• [Goal of the exercise]: Give a faithful, exact copy of all entries, minus the images.

[Image-backed grounding data]

###

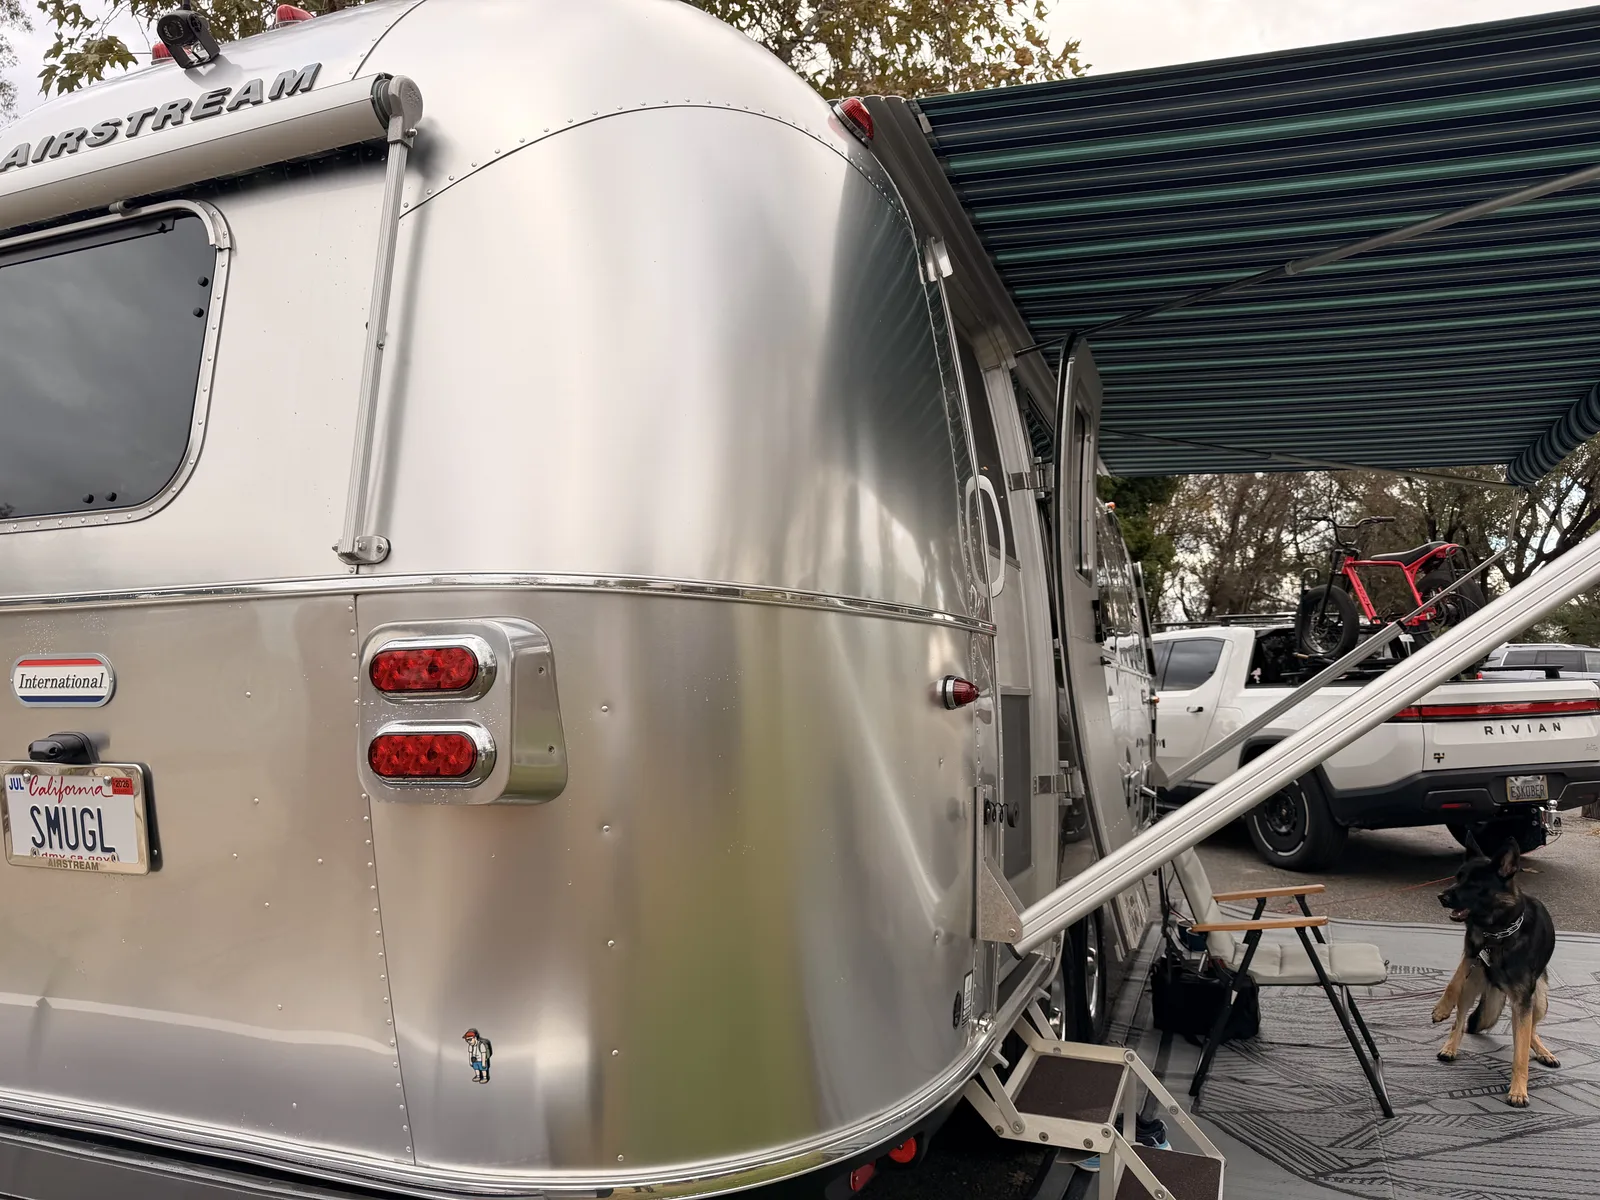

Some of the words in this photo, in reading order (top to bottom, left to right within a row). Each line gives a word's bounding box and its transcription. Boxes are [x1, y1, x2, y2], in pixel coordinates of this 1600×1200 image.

[0, 62, 323, 172] AIRSTREAM
[18, 673, 105, 690] International
[1484, 722, 1562, 735] RIVIAN
[9, 777, 25, 791] JUL
[29, 775, 114, 804] California
[114, 779, 130, 789] 2026
[29, 805, 116, 853] SMUGL
[48, 858, 99, 871] AIRSTREAM
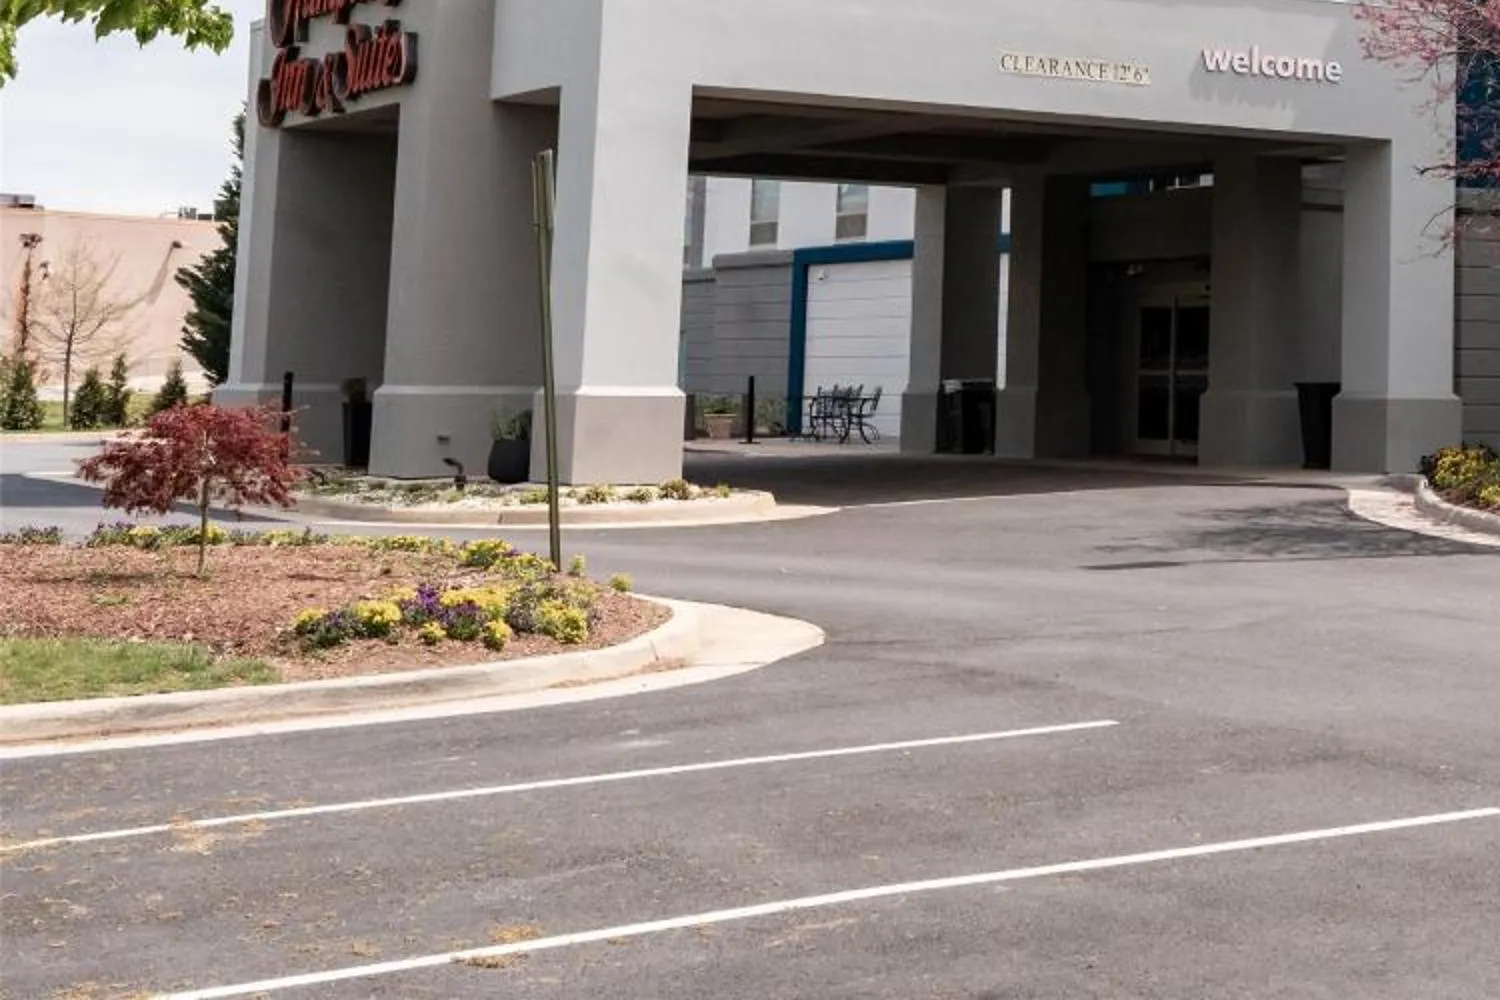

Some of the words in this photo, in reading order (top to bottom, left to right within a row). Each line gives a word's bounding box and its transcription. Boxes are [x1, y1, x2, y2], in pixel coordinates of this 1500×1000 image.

###

• [Solution for this problem]:
Some of the words in this photo, in reading order (top to bottom, left to right within a row). Each line gives a word's bounding box and its transcription. Boxes are [x1, y1, x2, y2], in pixel coordinates of this 1600×1200 image.

[0, 62, 323, 172] AIRSTREAM
[18, 673, 105, 690] International
[1484, 722, 1562, 735] RIVIAN
[9, 777, 25, 791] JUL
[29, 775, 114, 804] California
[114, 779, 130, 789] 2026
[29, 805, 116, 853] SMUGL
[48, 858, 99, 871] AIRSTREAM

Some of the words in this photo, in reading order (top to bottom, left to right within a row). Each line gives a word's bounding box and its transcription. Boxes are [x1, y1, x2, y2], in pixel coordinates of this 1500×1000 image.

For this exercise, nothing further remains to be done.